The range starts at the line containing "Some of the words" and ends at the last line of the records below. Reproduce those lines exactly.

*** Information provided ***

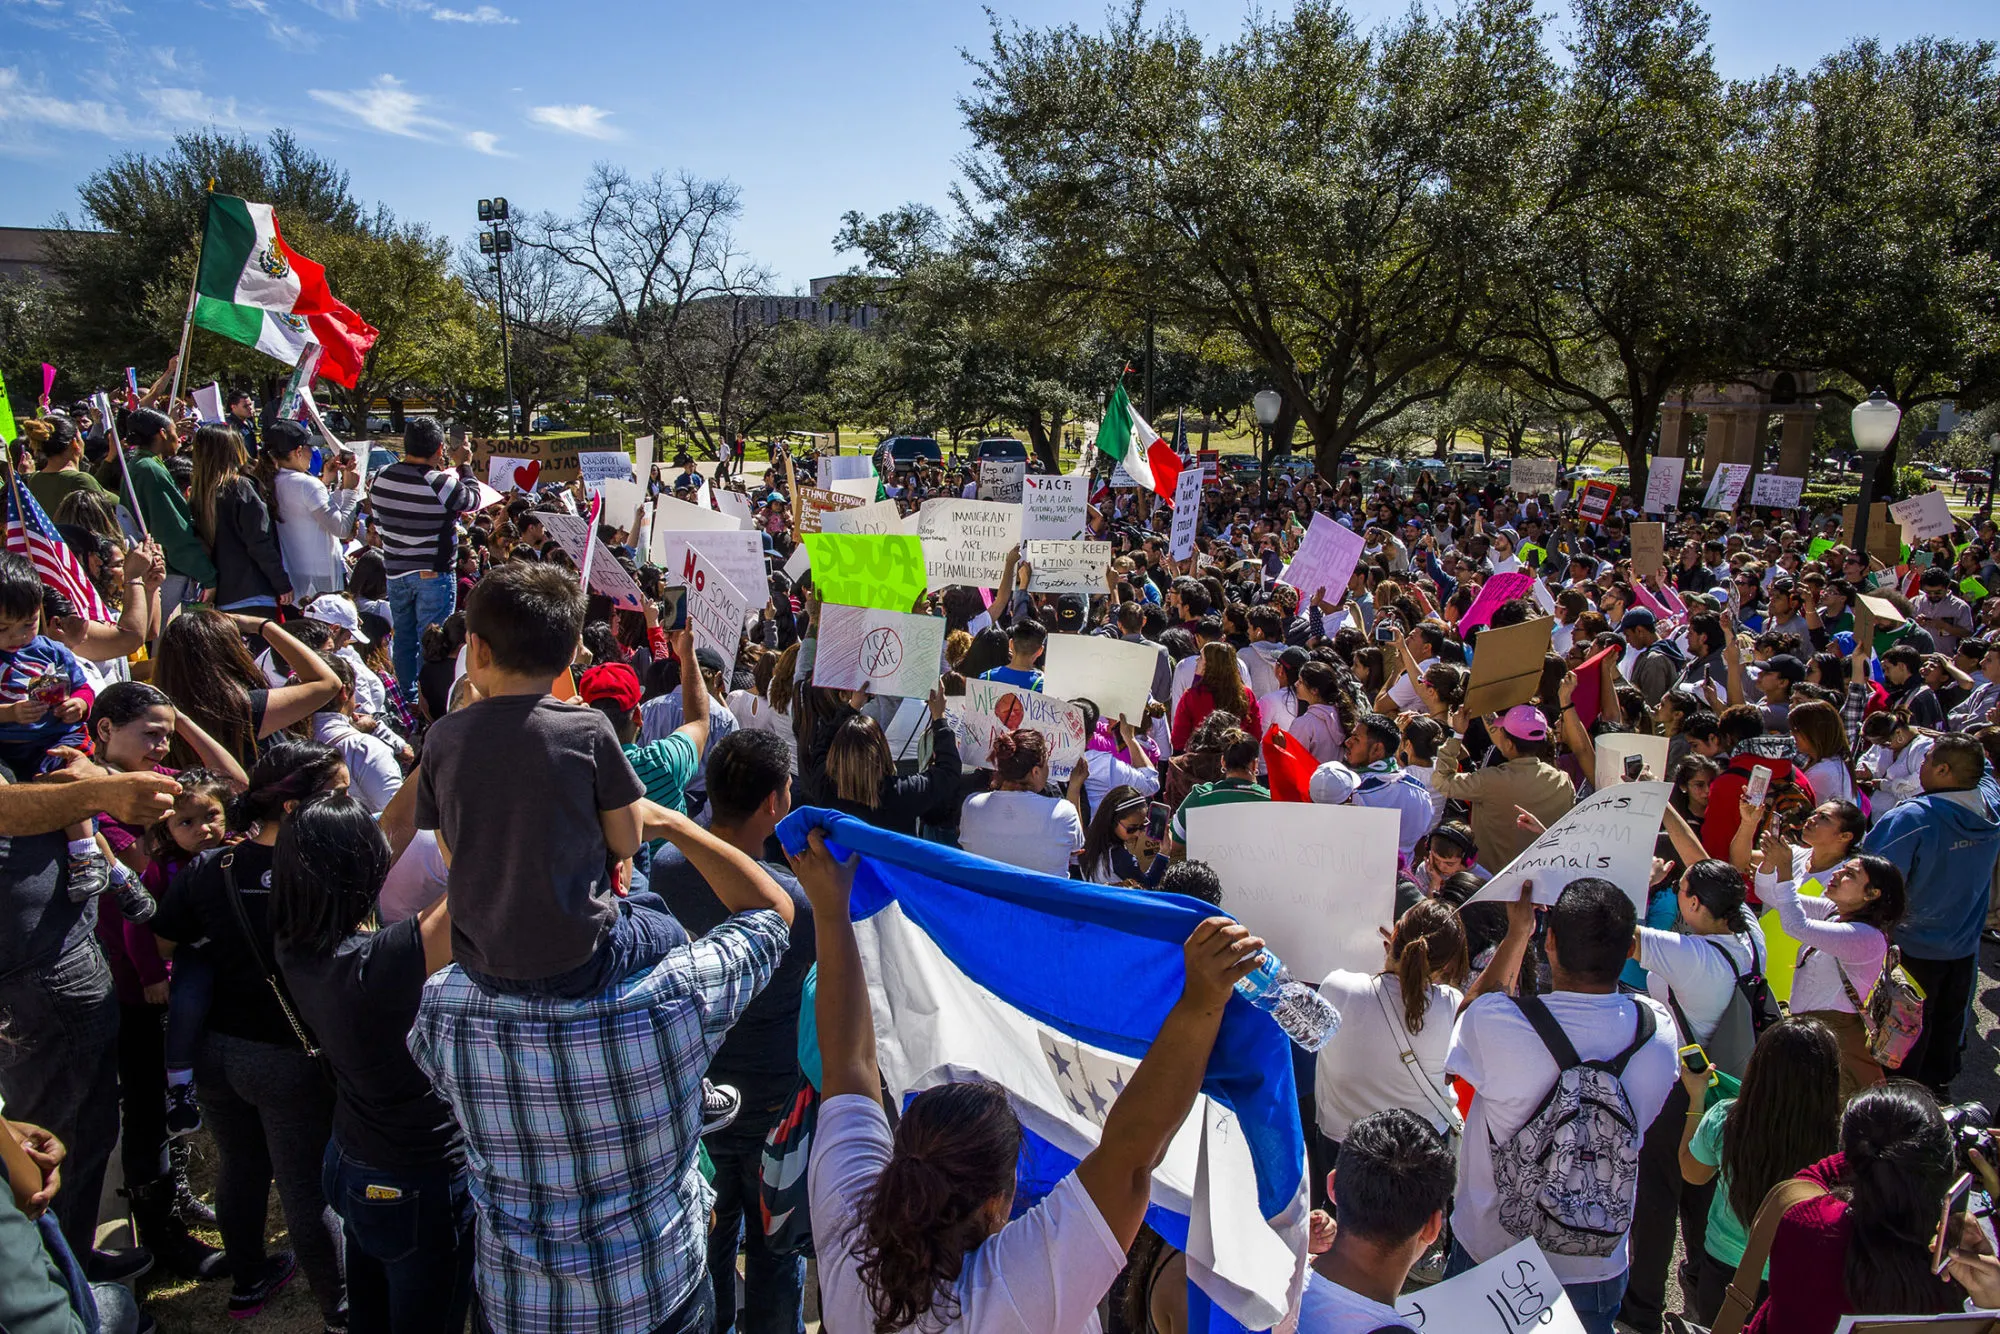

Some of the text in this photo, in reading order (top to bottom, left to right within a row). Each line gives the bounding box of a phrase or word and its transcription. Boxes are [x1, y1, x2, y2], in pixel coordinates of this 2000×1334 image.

[486, 440, 541, 453] SOMOS
[1039, 479, 1072, 491] FACT:
[1186, 475, 1194, 486] NO
[1647, 471, 1663, 502] FUCK
[992, 480, 1023, 496] TOGETHE
[800, 487, 829, 503] ETHNIC
[952, 511, 1012, 522] IMMIGRANT
[961, 524, 1006, 538] RIGHTS
[961, 540, 981, 550] ARE
[1031, 543, 1075, 554] LET'S
[1082, 543, 1109, 554] KEEP
[945, 549, 975, 561] CIVIL
[1033, 559, 1074, 570] LATINO
[709, 582, 740, 627] SOMOS
[867, 629, 894, 650] ICE
[971, 683, 998, 716] WE
[1500, 852, 1612, 877] riminals
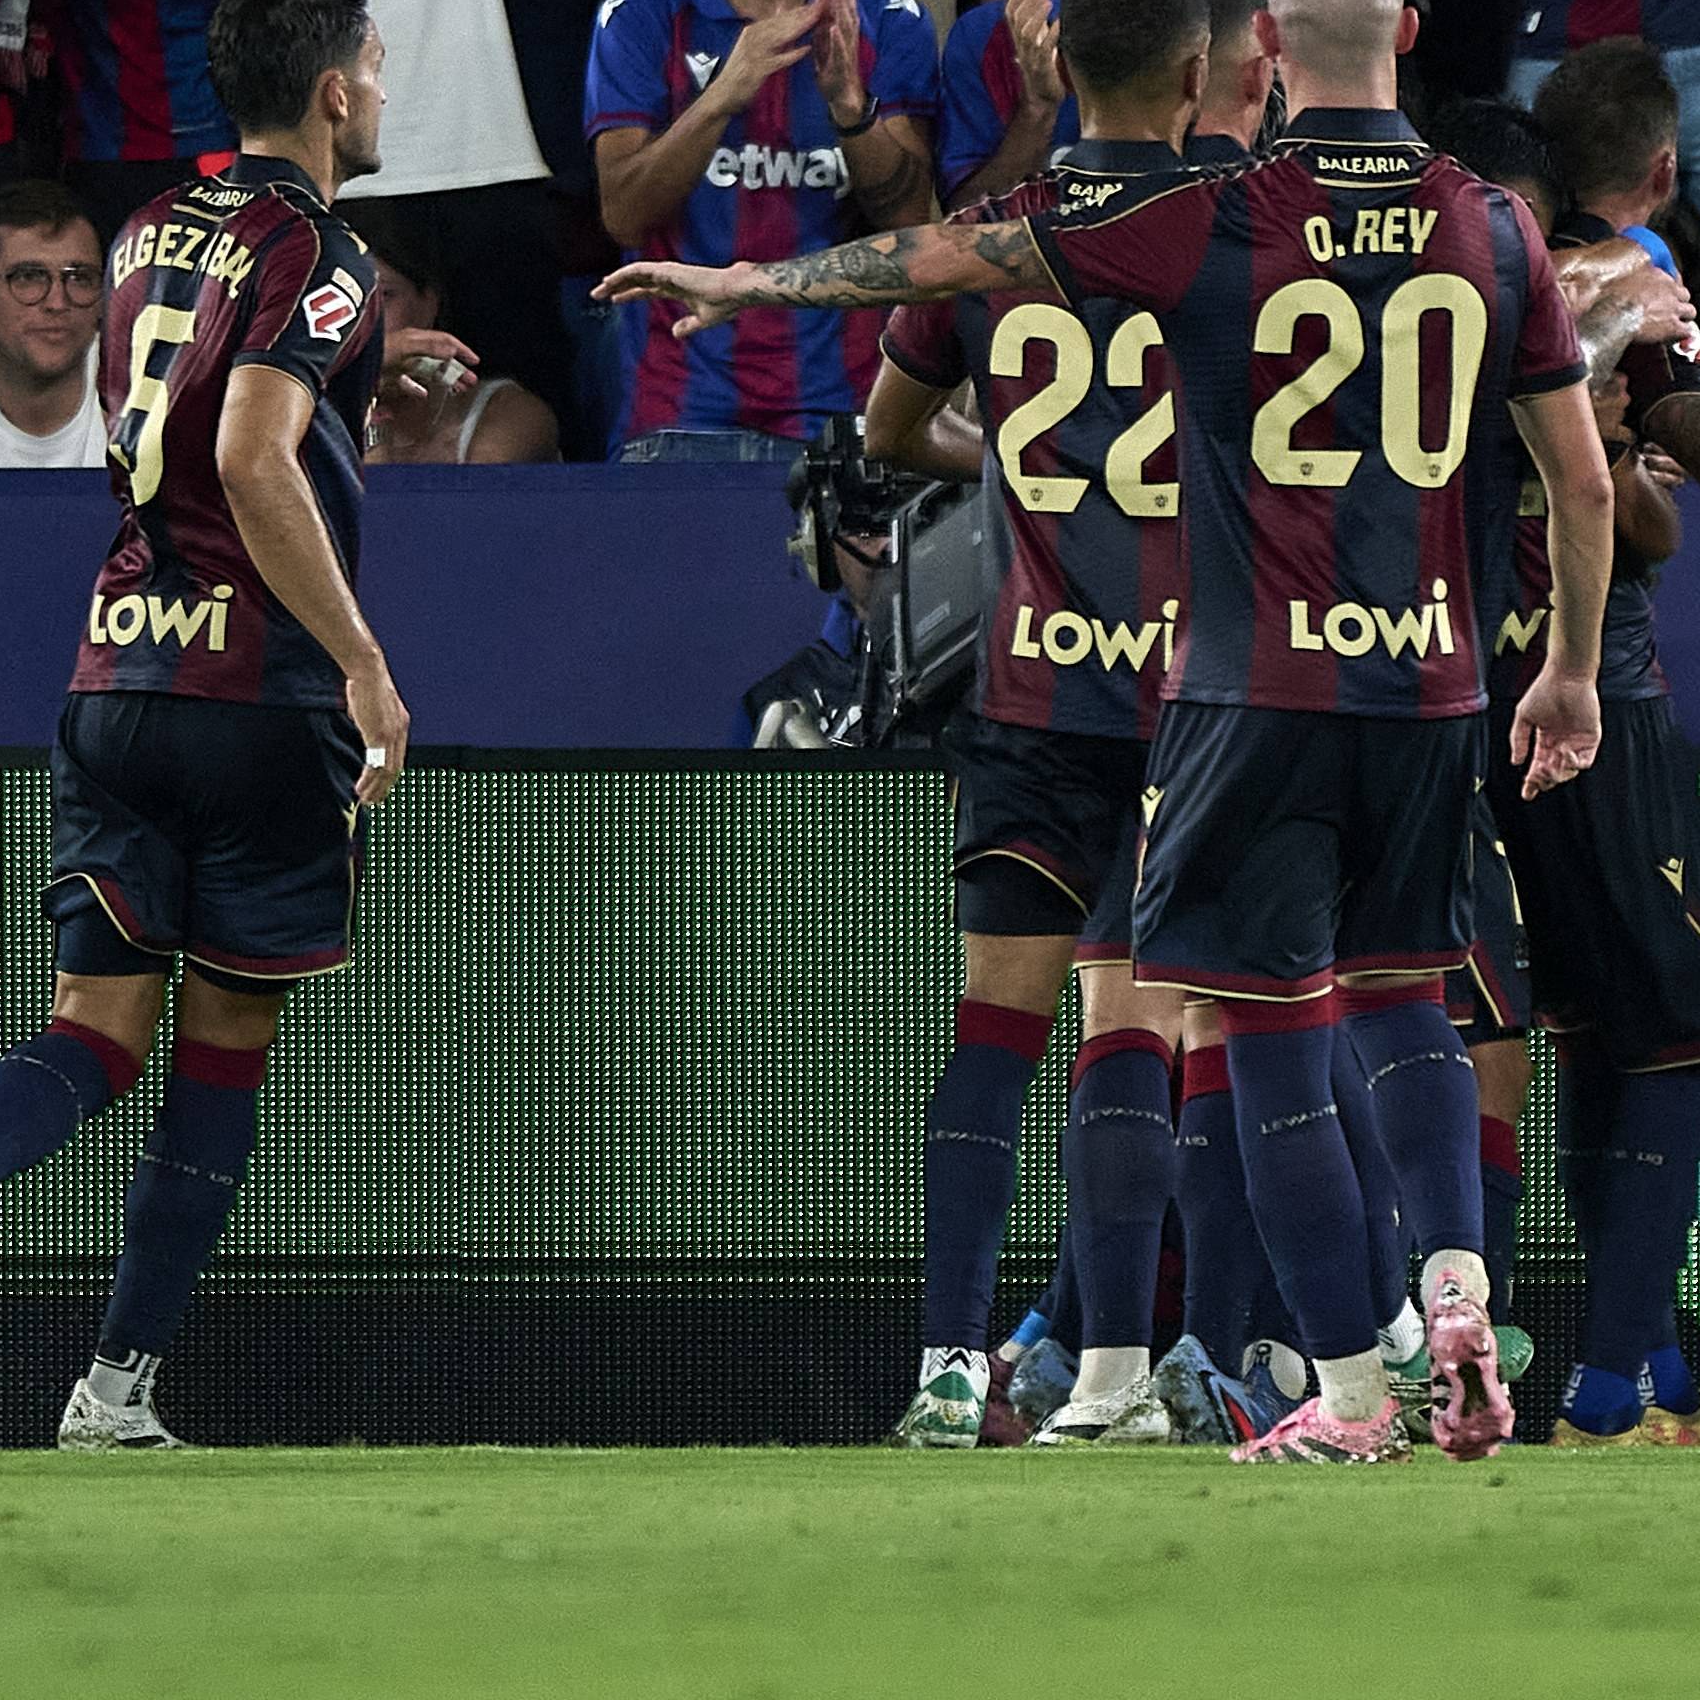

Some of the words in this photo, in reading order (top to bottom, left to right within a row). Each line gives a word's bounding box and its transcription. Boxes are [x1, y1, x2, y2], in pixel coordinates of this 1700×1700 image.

[706, 144, 851, 201] etway
[1352, 206, 1438, 255] REY
[108, 303, 197, 508] 5
[988, 301, 1180, 518] 22
[1250, 272, 1489, 490] 20

*** End of Information provided ***

Result of the task:
Some of the words in this photo, in reading order (top to bottom, left to right within a row). Each line gives a word's bounding box and its transcription. Boxes are [x1, y1, x2, y2], in pixel coordinates of this 1700×1700 image.

[706, 144, 851, 201] etway
[1352, 206, 1438, 255] REY
[108, 303, 197, 508] 5
[988, 301, 1180, 518] 22
[1250, 272, 1489, 490] 20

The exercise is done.